Navigation Toggle

Webinator as a customizable way to add vertical search engines to multiple industry web portals

October 3, 2007
Webinator as a customizable way to add vertical search engines to multiple industry web portals

When implementing an optimal solution for the heavy search demands of multiple online properties, a website administrator needs a practical way to easily create and provide a high quality retrieval interface to collections of HTML documents. In this article we review how Trade Press Publishing successfully added powerful and flexible vertical search engines to its popular web portals with the help of Thunderstone's Webinator web index and retrieval system. Webinator serves as an example of the type of applications that can be built around Thunderstone's Texis RDBMS and Web Script.
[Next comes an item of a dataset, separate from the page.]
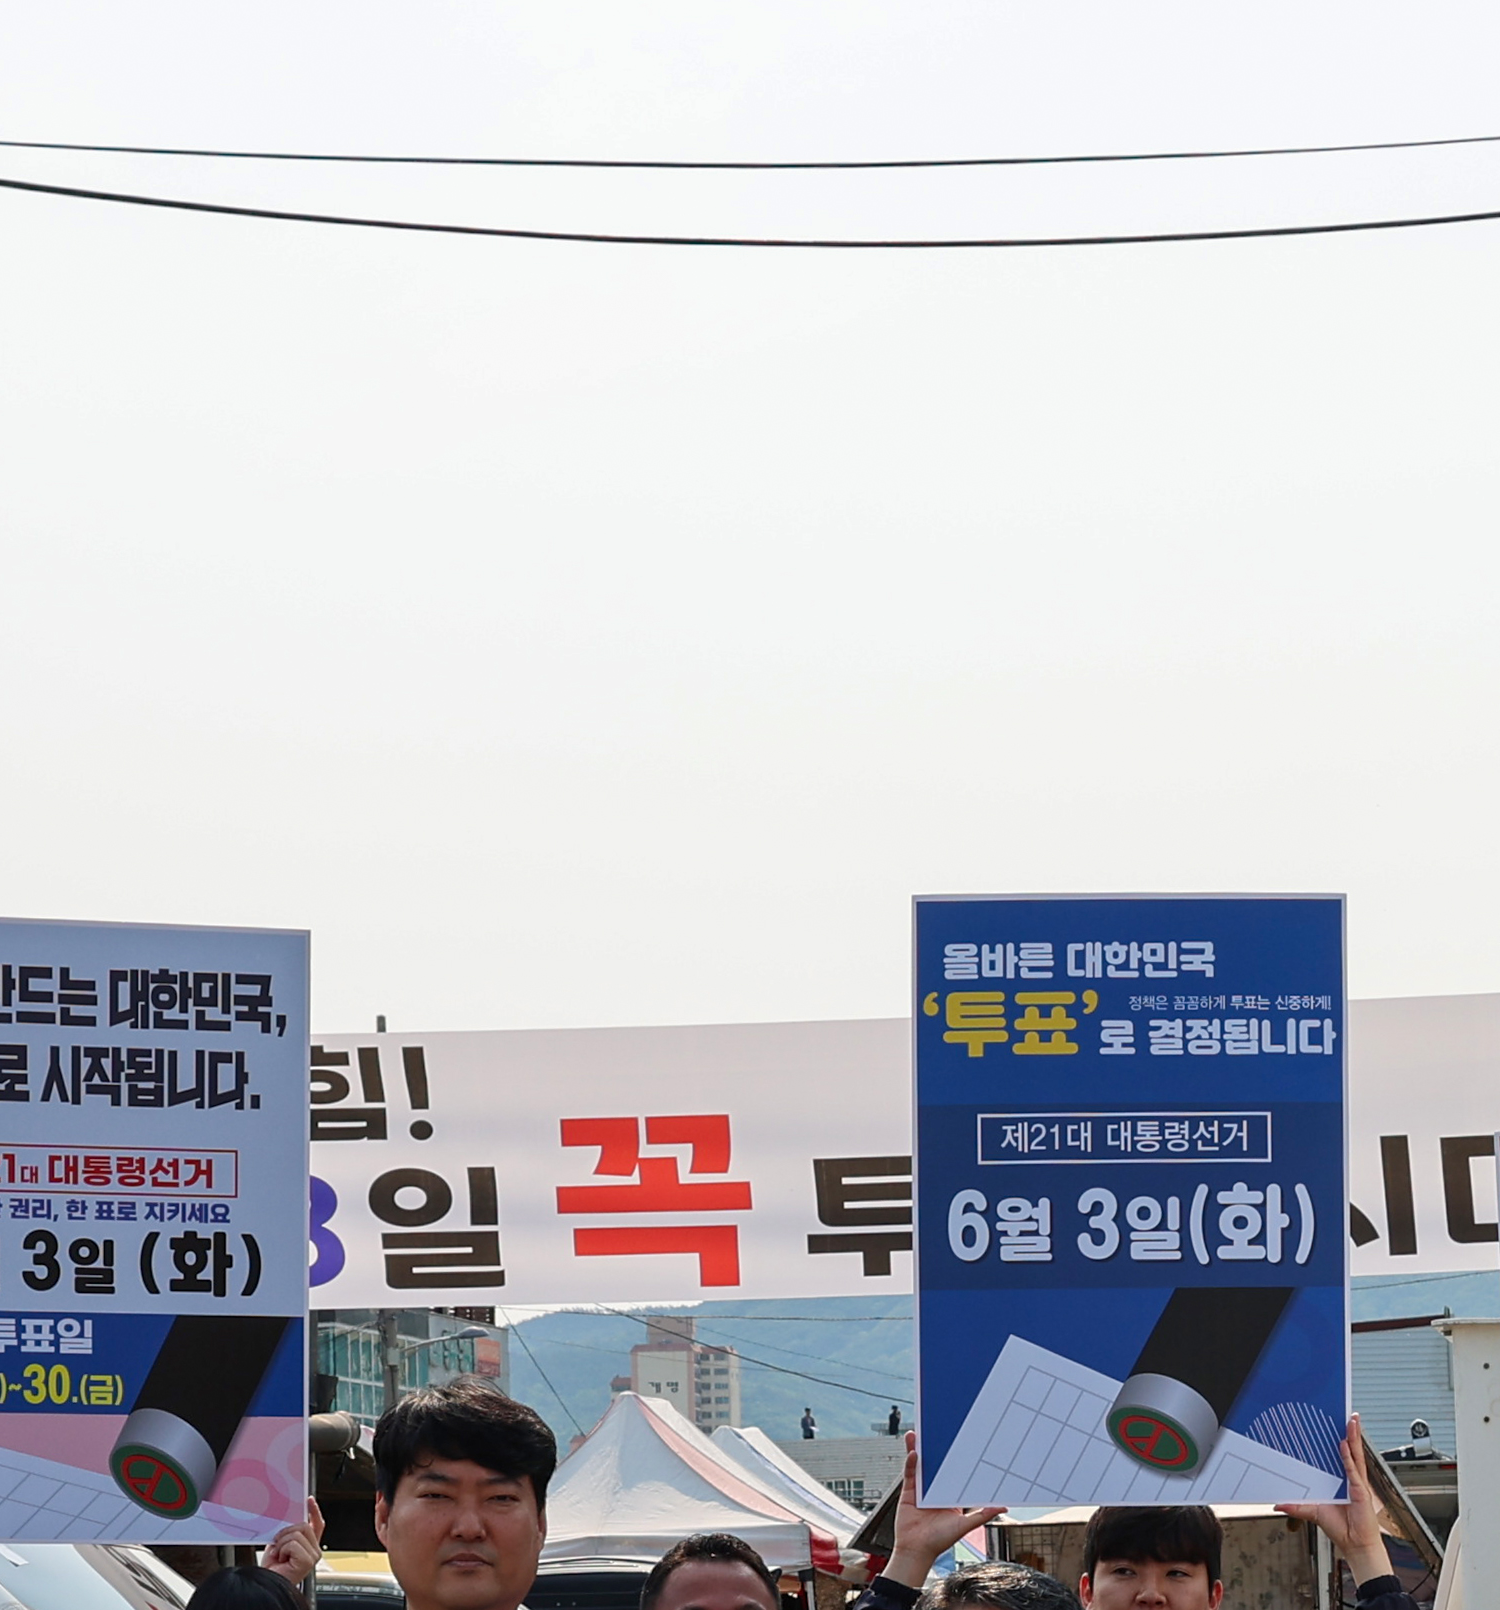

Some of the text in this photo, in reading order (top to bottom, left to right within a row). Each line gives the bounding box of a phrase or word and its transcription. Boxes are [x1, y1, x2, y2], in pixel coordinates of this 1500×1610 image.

Trade Press Publishing Corporation http://www.tradepress.com) is a privately-held company based in Milwaukee and a leading provider of market intelligence to the facilities management, building service contractor, housekeeping, cleaning supplies distribution and railroad industries. In addition to publishing business-to-business magazines and eNewsletters, it also produces trade shows and conferences, as well as offering variety of related educational and marketing opportunities.

Jesus Carrillo, Director of Information Technology, joined the company's Pre-Press Division more than 16 years ago. According to him, “I started in the Desktop Publishing Department at an entry - level position that was my first job out of college. And I've been at the same place ever since. The company grew. About ten years ago they dissolved the pre-press part of the business to focus on educational media products and business-to-business publishing. They wanted someone to lead their technology efforts, and they asked me to do that. So, I stayed around and have continued to search out technology applications in the b-to-b publishing space.”

Special Requirements to Index and Search Industry-Focused Web Content

Trade Press Publishing Corporation uses Webinator on four “vertical portal” web sites, including two in the facility management space and two in the sanitary distribution/cleaning space. The main site is at FaciltyZone.com (http://www.facilityzone.com.) Carrillo said the biggest reason he selected Webinator as the indexing and searching tool for Trade Press had to do primarily with Webinator's open-ended customizability.

According to Carrillo, “Probably the single identifying characteristic of the Webinator software, for us, was the ability to get to the source code. And that allowed us the flexibility to put it to work to do the things that we wanted to accomplish with its back-end. For example, we were indexing over six thousand web sites, which is quite a bit of data. And the first results that came up were kind of cool. We could see how, out of these millions of pages, you do a search, and there's some logic in there that says 'these are the ten best ones' out of the millions of pages I've got.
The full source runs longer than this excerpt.